I had a B2B SaaS client with an offering that required substantial Professional Services. In other words, each implementation required a lot of custom work.
When comparing this Company against its competitors, the number of hours of Professional Services (customization) required was more than double its peers. This is too much to be accounted for by variations in the efficiency of individual team members. I examined the work of those team members, to be sure, and they seemed just fine.
“I don’t have time to teach you, so just follow me.”
—The Least Efficient Onboarding Method
After studying the team and its timesheets, I found an extraordinary number of meetings attended by two people.
I asked a manager, “Why does it take two Account Executives to conduct a client meeting where the only purpose is a survey of basic questions?”, and I got a suspicious answer. “It’s a new team member shadowing, to learn the ropes.”
Probing further, I asked, “Looking at the calendar, it appears that nearly every meeting has two people in it.”
The manager explained, “Well, our team is overloaded so we had several recent hires. Our Professional Services cycle takes about six months, and we want them to see a full cycle to learn the ropes. That’s how long they shadow all the meetings — every new hire takes one complete project from start to finish.”
Bzzzzzt, wrong answer.
It’s fine if team members need six months to get up to speed. But that’s not “onboarding”. Onboarding is figuring out how to use the billing software, finding your way around the filesystem, and learning the nature of the Company’s offering. Setting up your email footer and picking some Slack emoji.

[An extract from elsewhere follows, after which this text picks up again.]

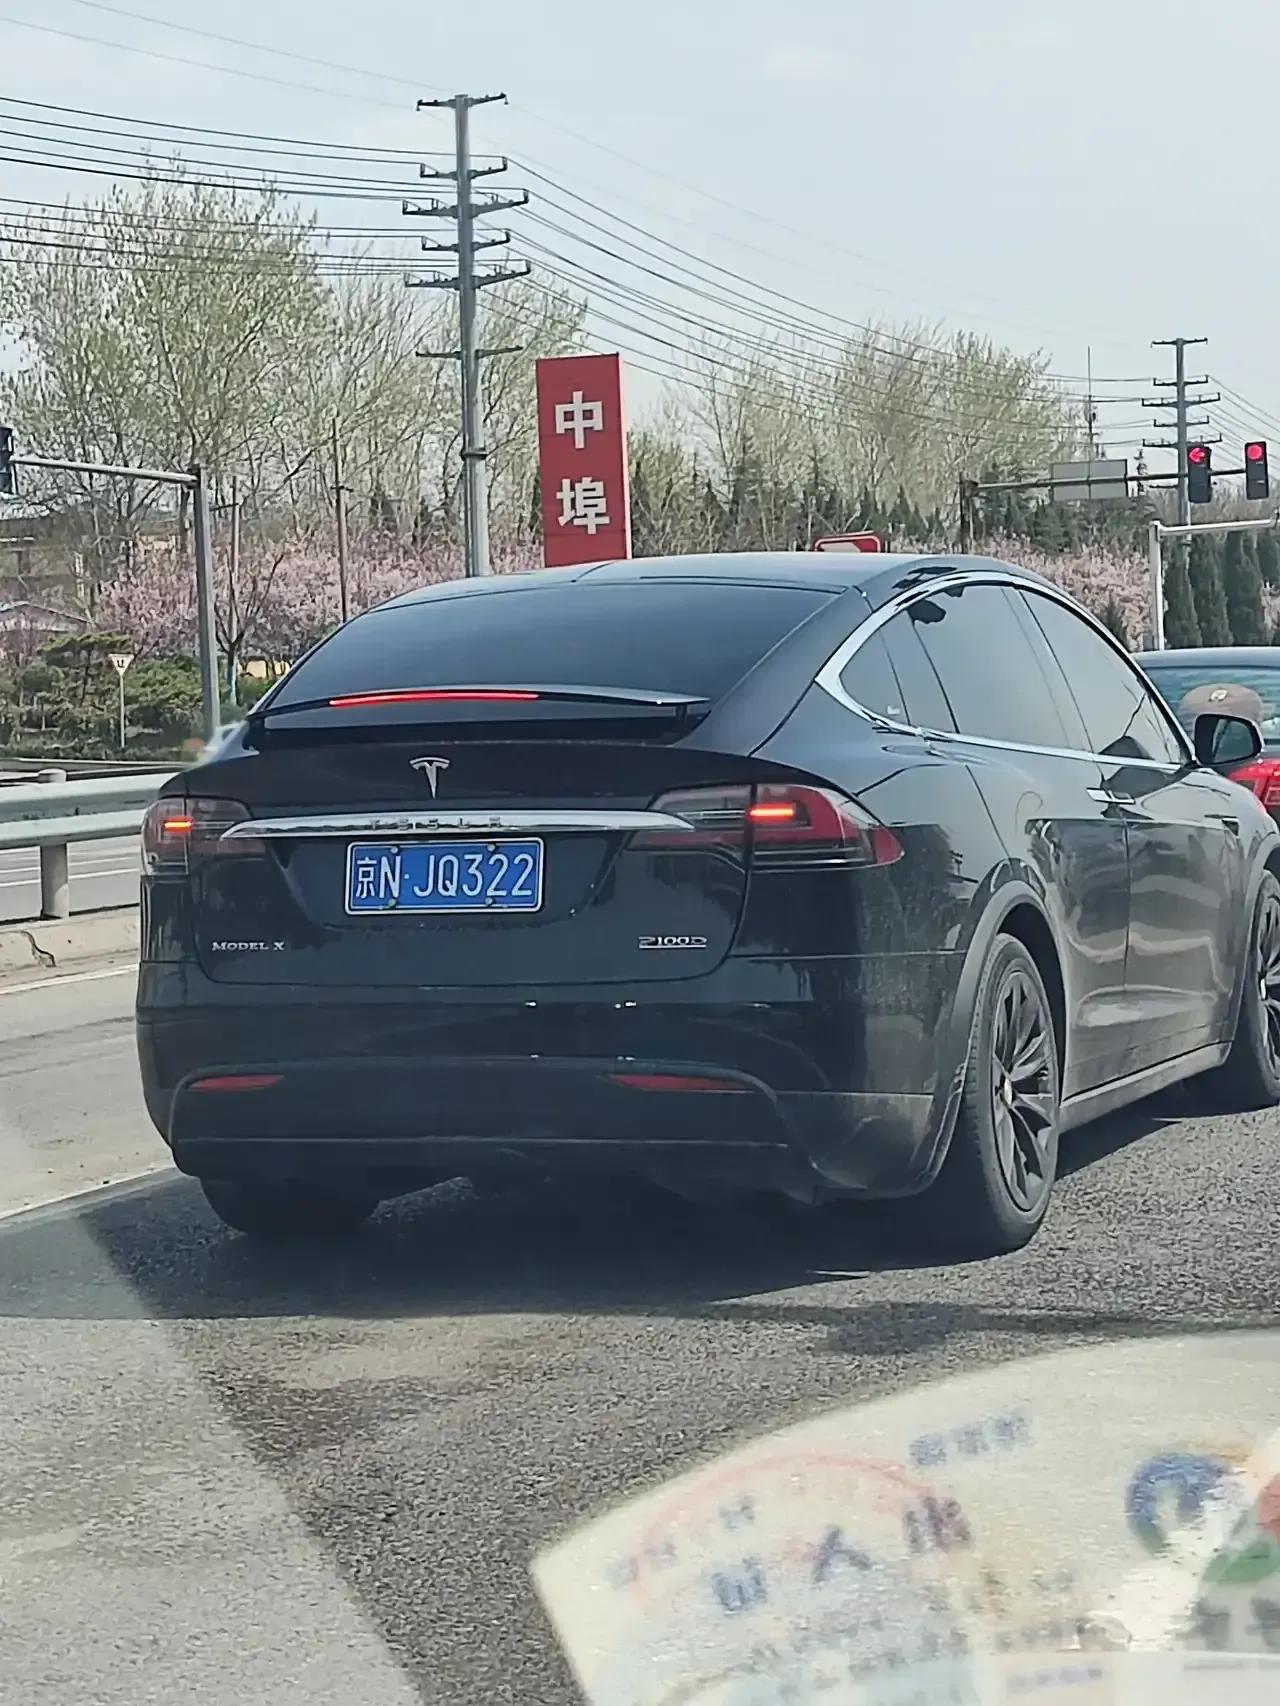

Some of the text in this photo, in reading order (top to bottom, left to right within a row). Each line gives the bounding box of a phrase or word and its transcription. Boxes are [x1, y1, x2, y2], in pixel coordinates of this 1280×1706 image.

This manager was describing the time required for a new hire to be fully independent with the full efficiency of an experienced team member. That time period could indeed be six months, but the time spent “shadowing” should be much less.
Here are some suggestions I offered my client:
How to shorten the Time To Full Utility:
- You need clear documentation of what the product is. That same document should function for the developers, the services team, the customer, and the quality assurance team. (Obviously the Devs and the QA team have additional confidential detail.)
- The Professional Services process needs clearly documented steps. Aim for a level of clarity almost high enough for the customer to perform them without your PS team helping.
- If “leading meetings” is an important part of the PS cycle (it usually is), then write a draft agenda of each meeting the PS team is expected to lead. Having this on-file for new hires will also help the experienced team to be more efficient. Even the clients might appreciate having access to such a folder.
- Use different clients at the same time, to provide the experience of leading key meetings in each product phase — Discovery, Data Gathering, Tech Implementation, Testing, Deployment, Support.
I’ll explain the last one in greater detail:
A leader in the PS department should coordinate Account Executives in each phase to allow one or two meetings to be shadowed by each new hire.
In other words, during Week 2 of a new hire’s tenure, have them join meetings representing all the phases of Professional Service. At any given time there’s a client at the start of a project, and some other client at the end of a project.
A tremendous “shadowing” period infantilizes and disempowers the hire, while wasting scarce company resources.
There’s no need to wait 6 months for a new hire to experience all the phases of a service offering. They need to fledge faster than that! Document your processes, hire capable people, and then be patient with their questions. Let them take solo meetings with clients within weeks not months.